Wednesday, February 24, 2010

Black history you'd rather not know but should

I used to have this notion of lynchings as rogue affairs, carried out furtively in the dead of night by small groups of men. That is, I assumed there was some level of secrecy and shame attached to the act. How naive I was. Turns out that lynchings were well-attended public events. Apparently onlookers sometimes brought food. And their kids.

I learned an additional horrifying fact today: the lynchings were often photographed and the photographs were printed as postcards. Yeah, postcards. You know, in case you wanted to let your buddy or your grandma know that you'd been there. Heck, one imagines that there would have been t-shirts too, if t-shirts had existed in this era.

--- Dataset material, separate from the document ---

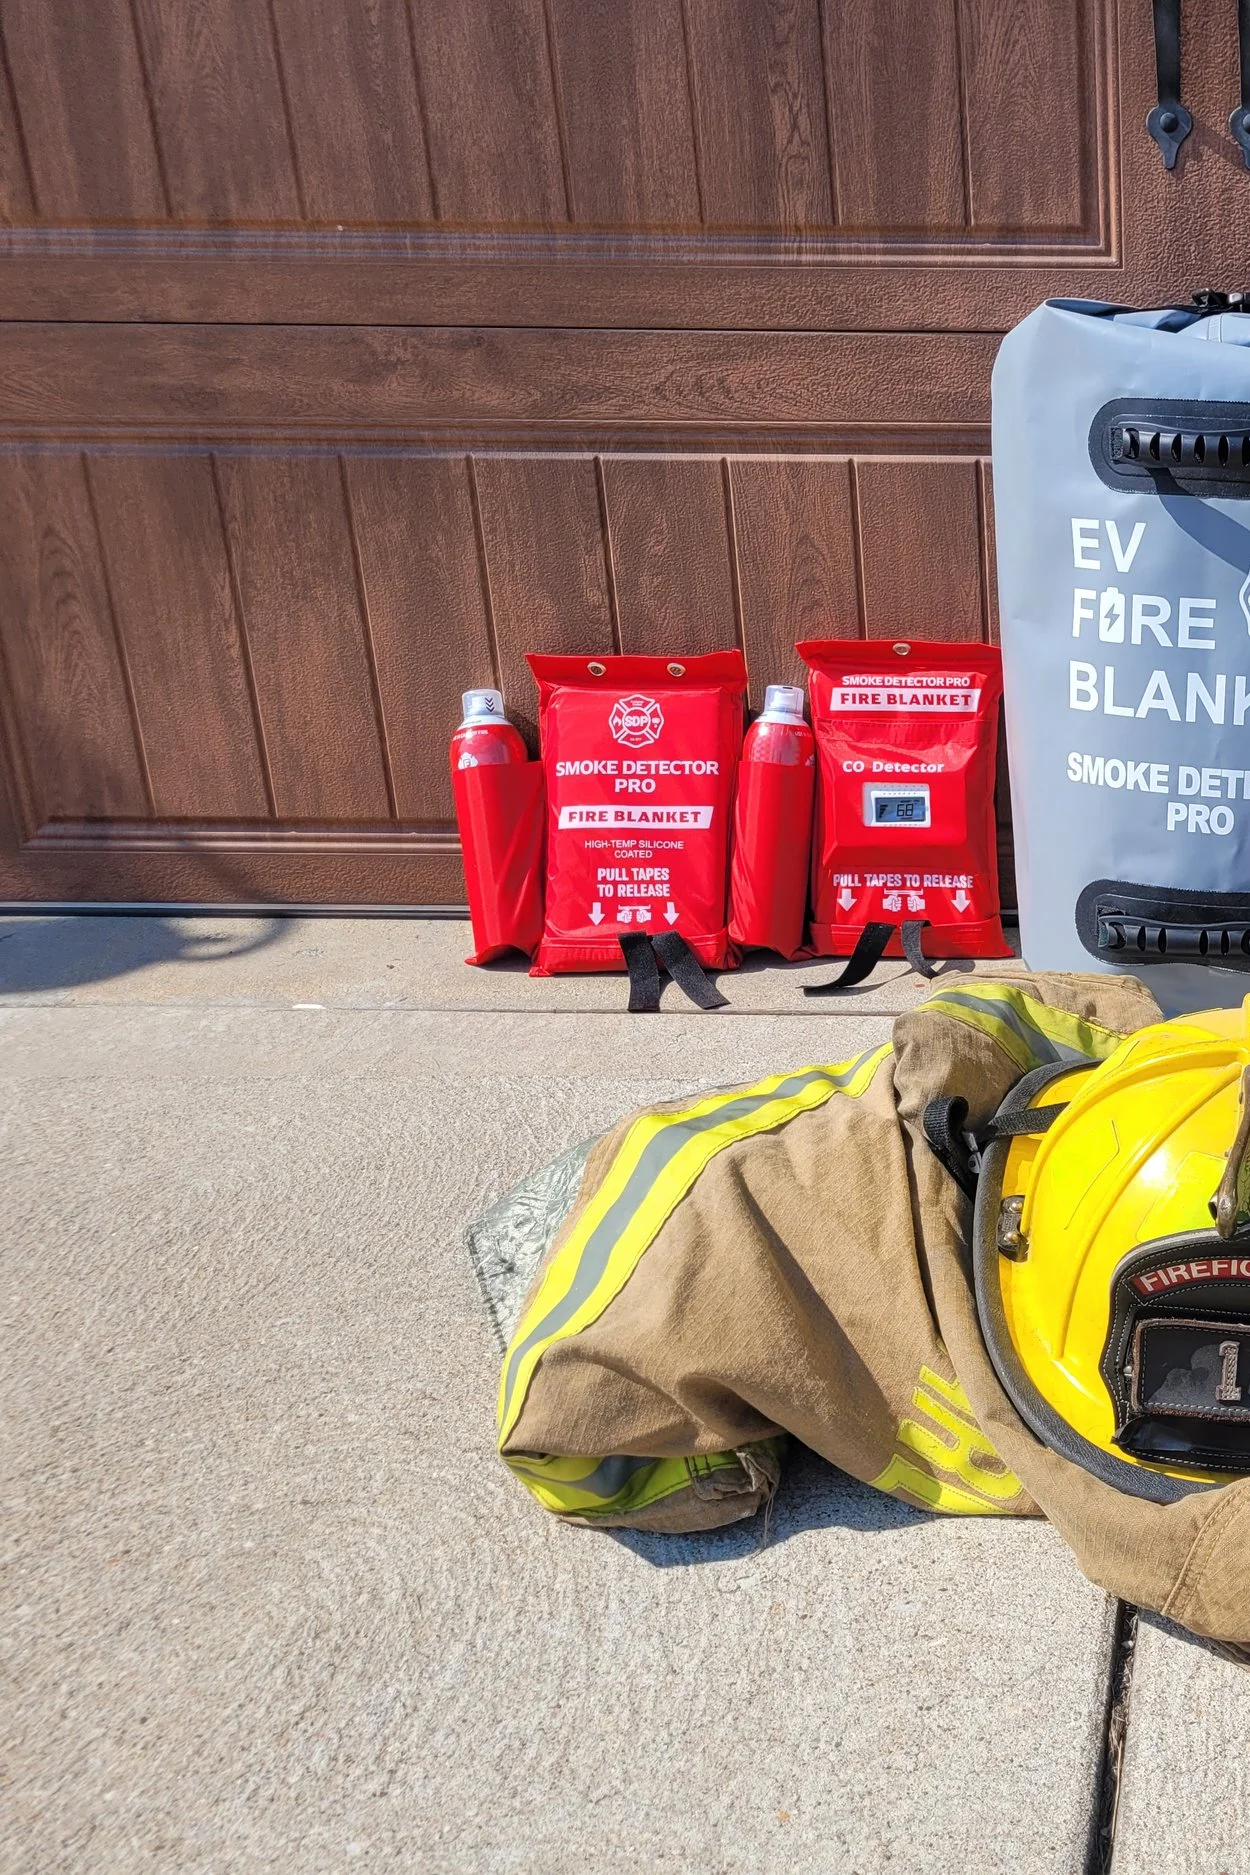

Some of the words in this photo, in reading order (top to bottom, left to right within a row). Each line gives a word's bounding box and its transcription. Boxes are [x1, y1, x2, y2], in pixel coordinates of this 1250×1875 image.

Anyway, a gentleman named James Allen collected these postcards and recently published them in a book titled Without Sanctuary. The photographs, and a flash movie based on them, are online here:
http://www.withoutsanctuary.org/main.html

If you're a white person living in this country, you should look.

Friday, February 5, 2010

Words of wisdom from Ta-Nehisi Coates

"Likewise, I think in my best writing here, in the writing that really matters, I've worked to steer us away from the reductive parlor game of "Is this/he/she racist?" It's useful to a point, but ultimately self-serving. It underestimates our demons and it underestimates how an entire system warped nearly every institution in this country, and continues to warp it to this day. What I'd rather we us understand is some sense of the big system, some sense of American white supremacy as mechanized racism."